▶ Extracted entries
┄┄┄┄┄┄┄┄┄┄
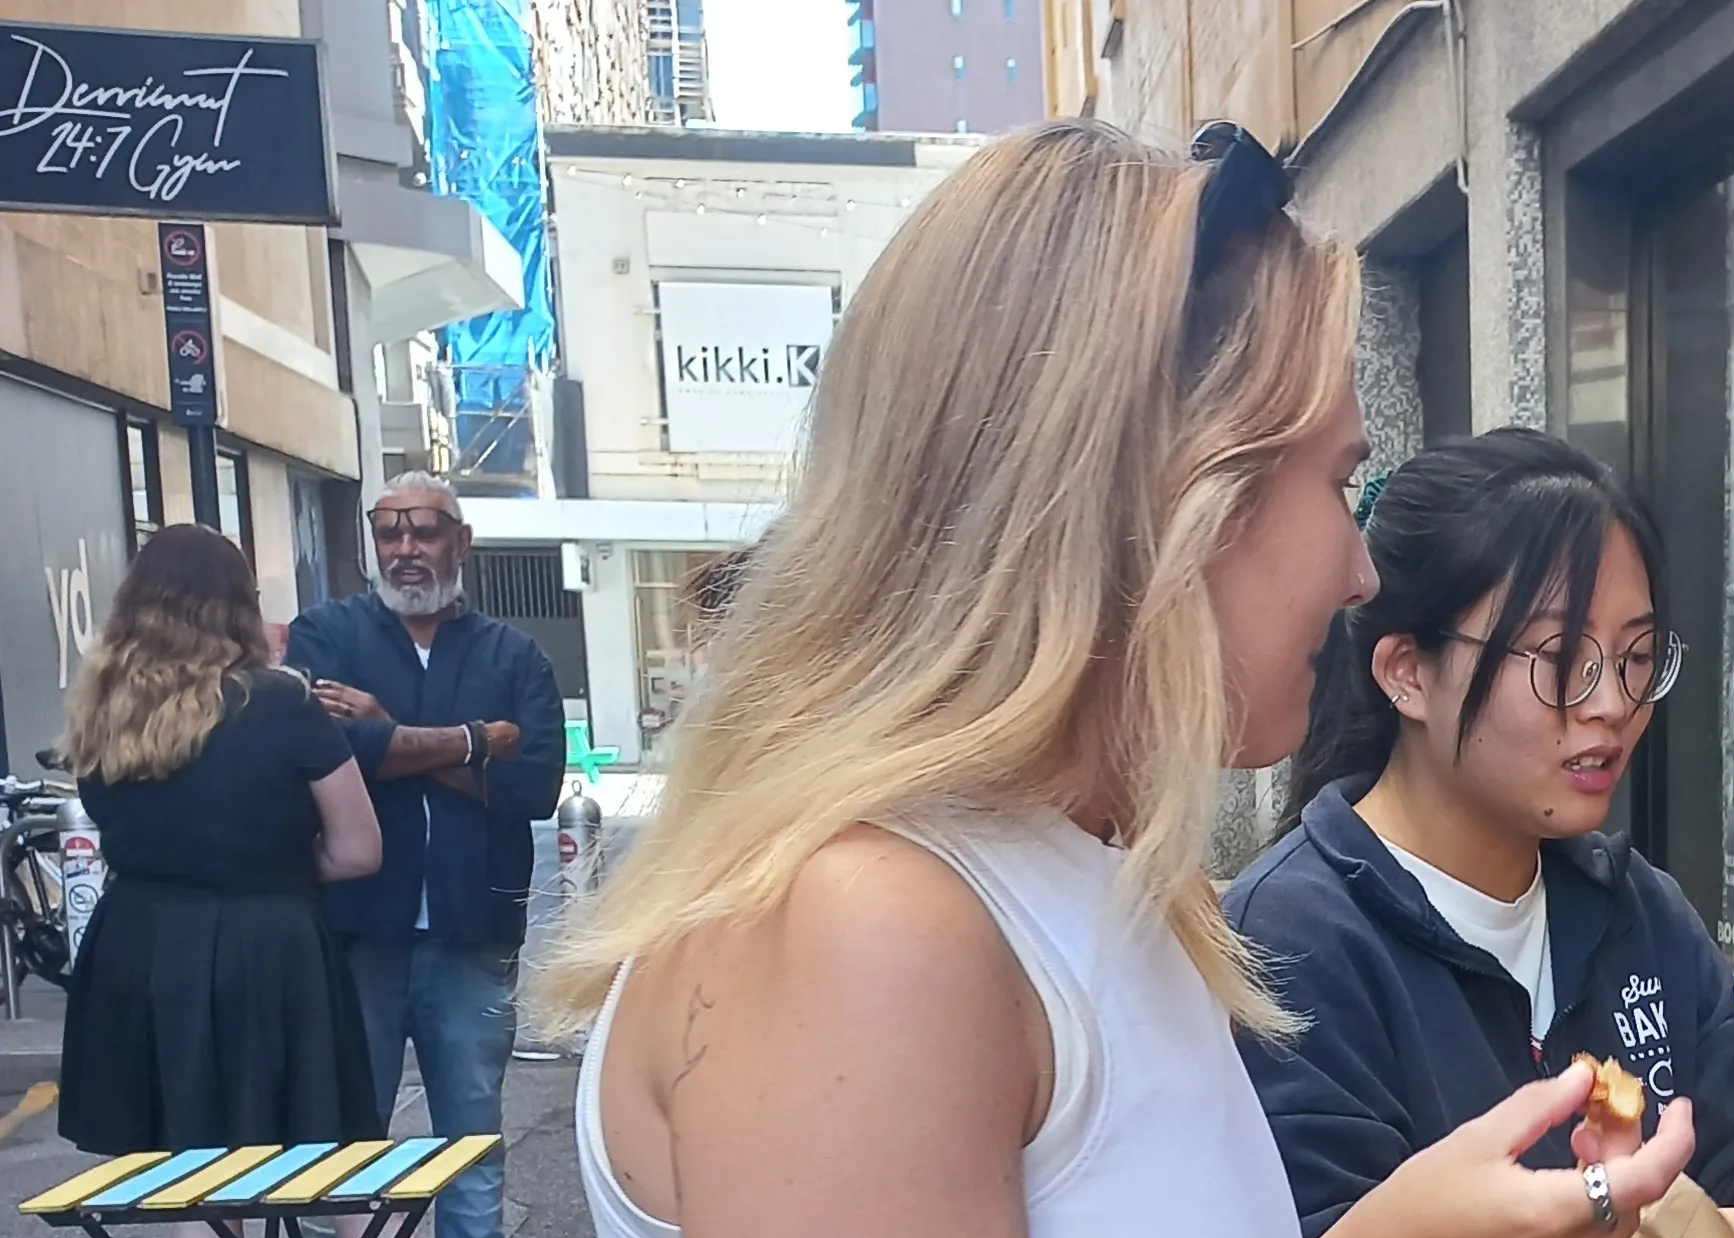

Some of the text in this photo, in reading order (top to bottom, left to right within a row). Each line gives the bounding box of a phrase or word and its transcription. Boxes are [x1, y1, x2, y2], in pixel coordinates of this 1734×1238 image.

[0, 34, 289, 146] Derrimut
[128, 114, 241, 201] Gym
[677, 344, 820, 387] kikki.K
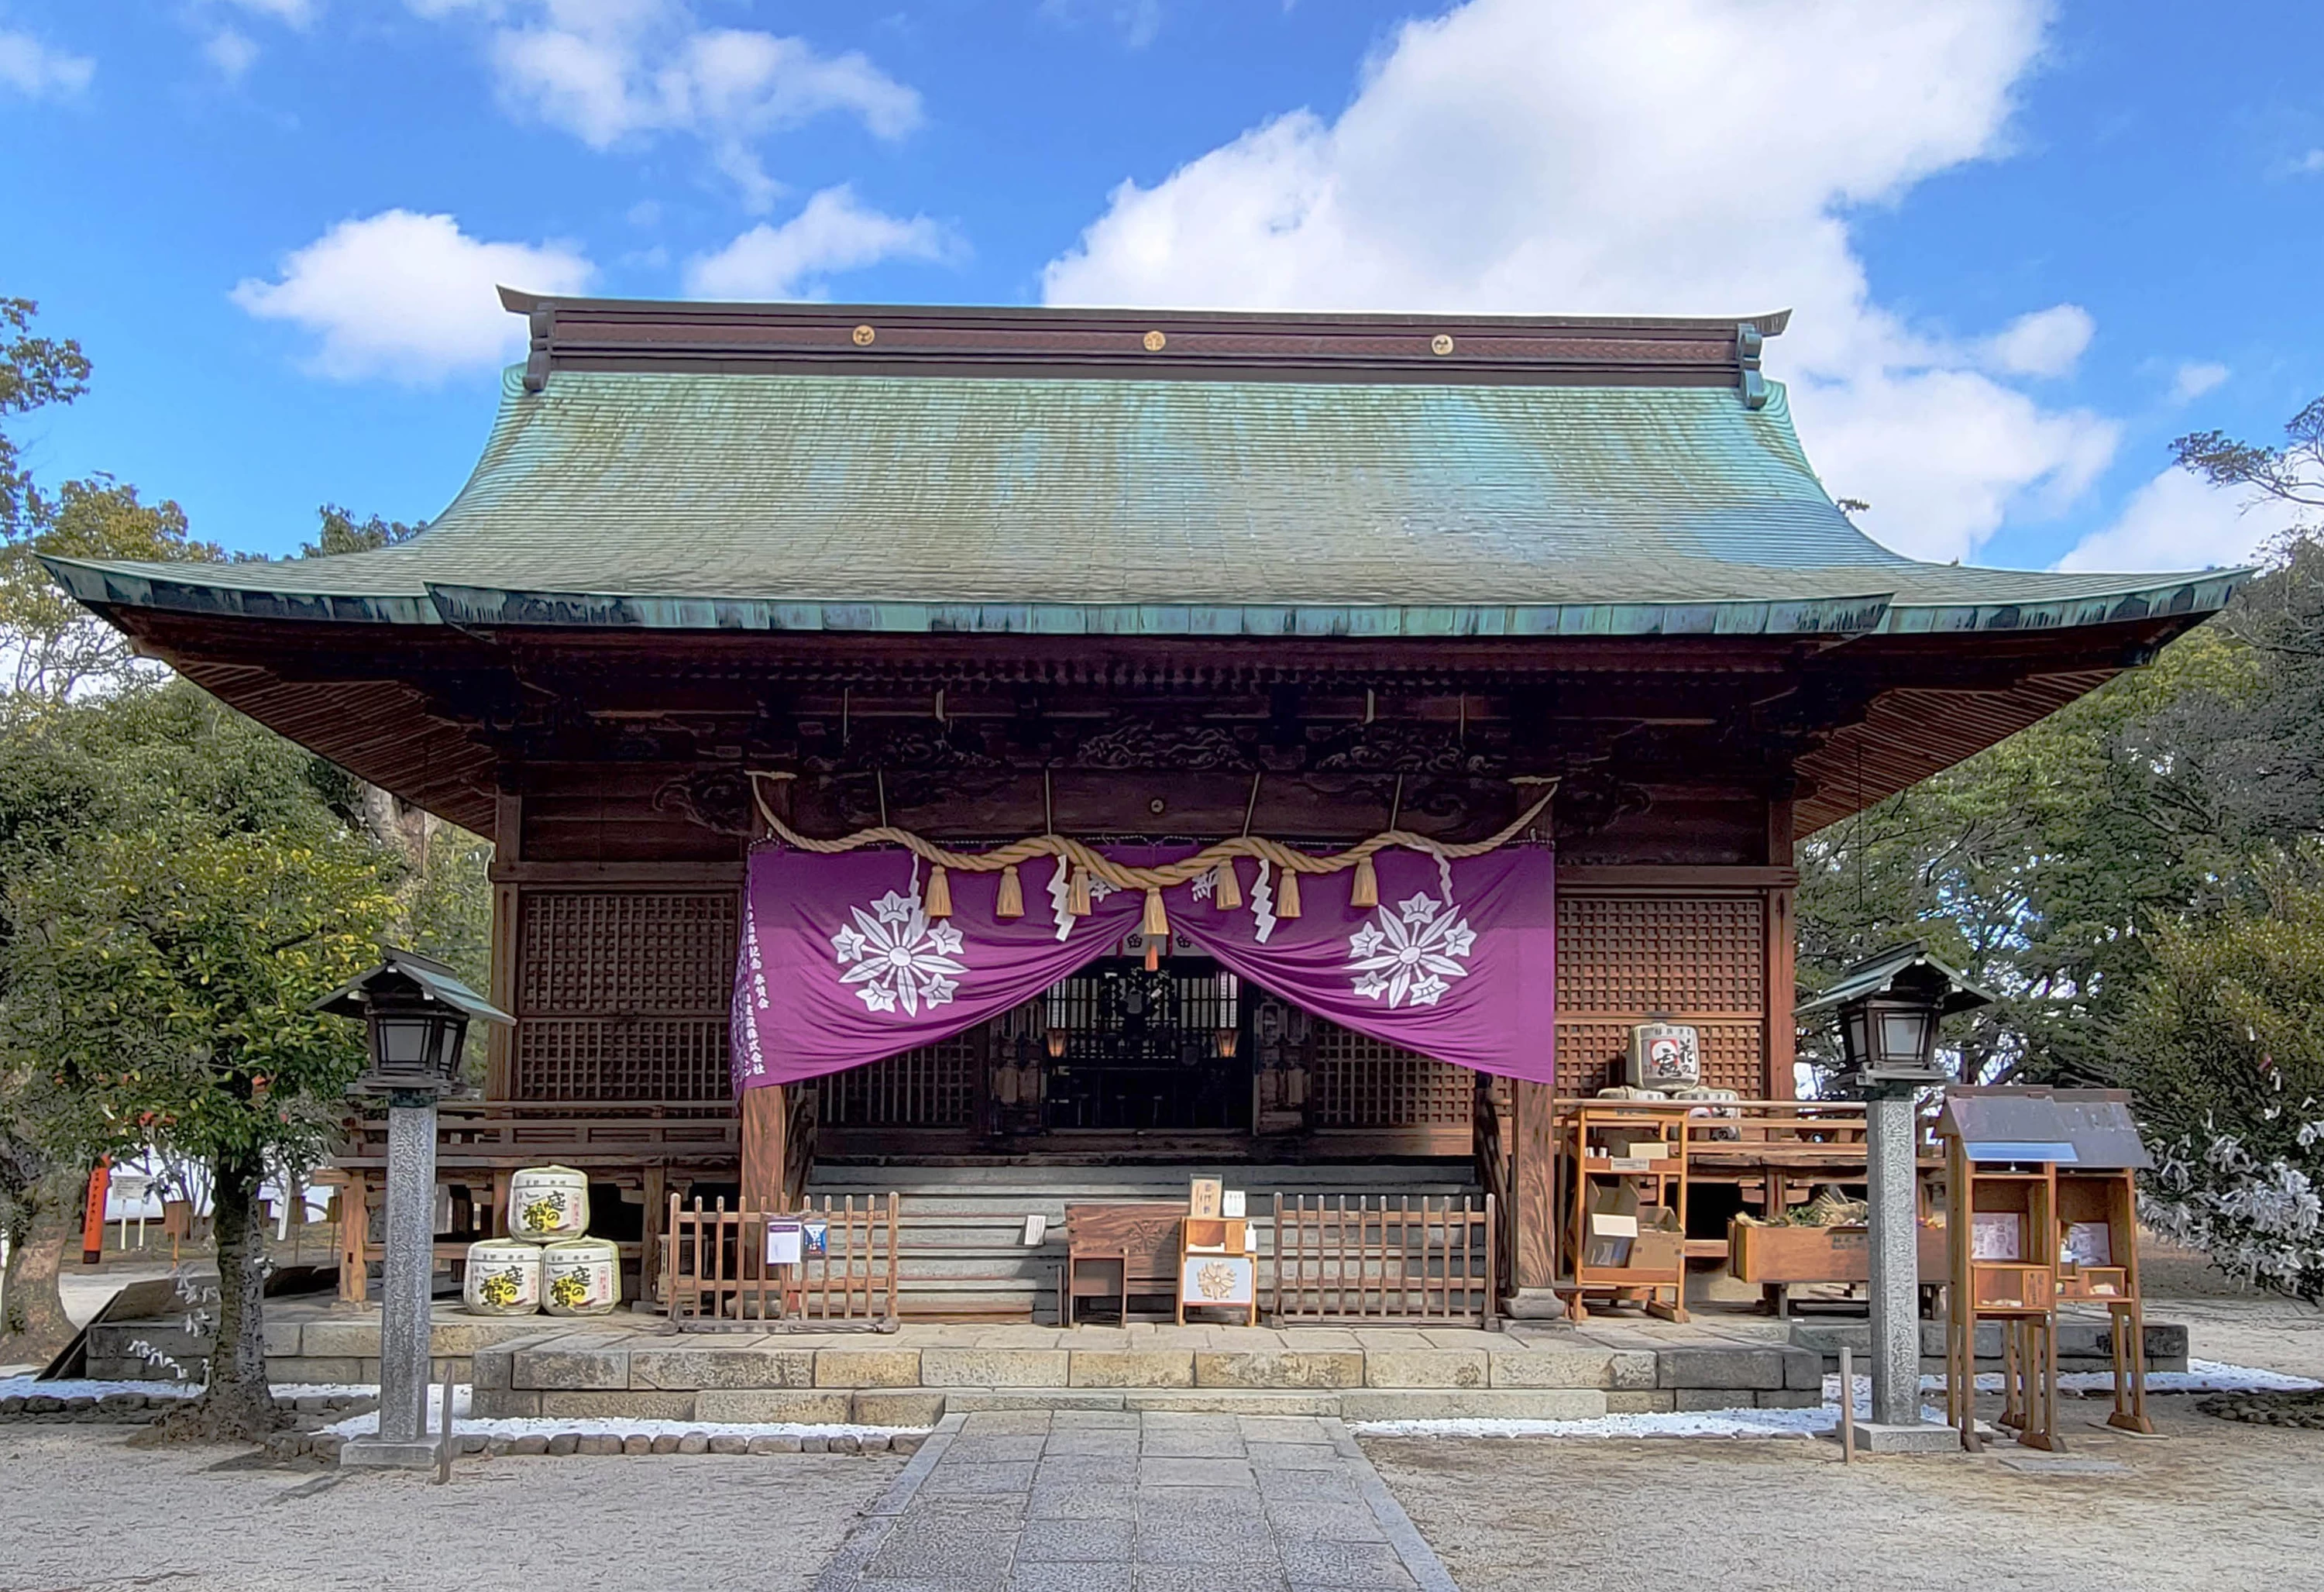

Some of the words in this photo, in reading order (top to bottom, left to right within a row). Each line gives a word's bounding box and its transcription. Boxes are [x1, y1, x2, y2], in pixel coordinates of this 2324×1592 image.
┄┄┄┄┄┄┄┄┄┄
▶ Task details
Output every record above verbatim, excluding images.

▶ Exercise answer
Some of the text in this photo, in reading order (top to bottom, left to right within a row). Each line gives the bounding box of a phrase or word and its transcription. Boxes are [x1, y1, x2, y2], in pixel coordinates of this 1734×1238 image.

[0, 34, 289, 146] Derrimut
[128, 114, 241, 201] Gym
[677, 344, 820, 387] kikki.K

Some of the words in this photo, in reading order (top to bottom, left to right within a row). Each line gives a word's bounding box and its transcription. Boxes are [x1, y1, x2, y2], in pixel coordinates of this 2324×1592 image.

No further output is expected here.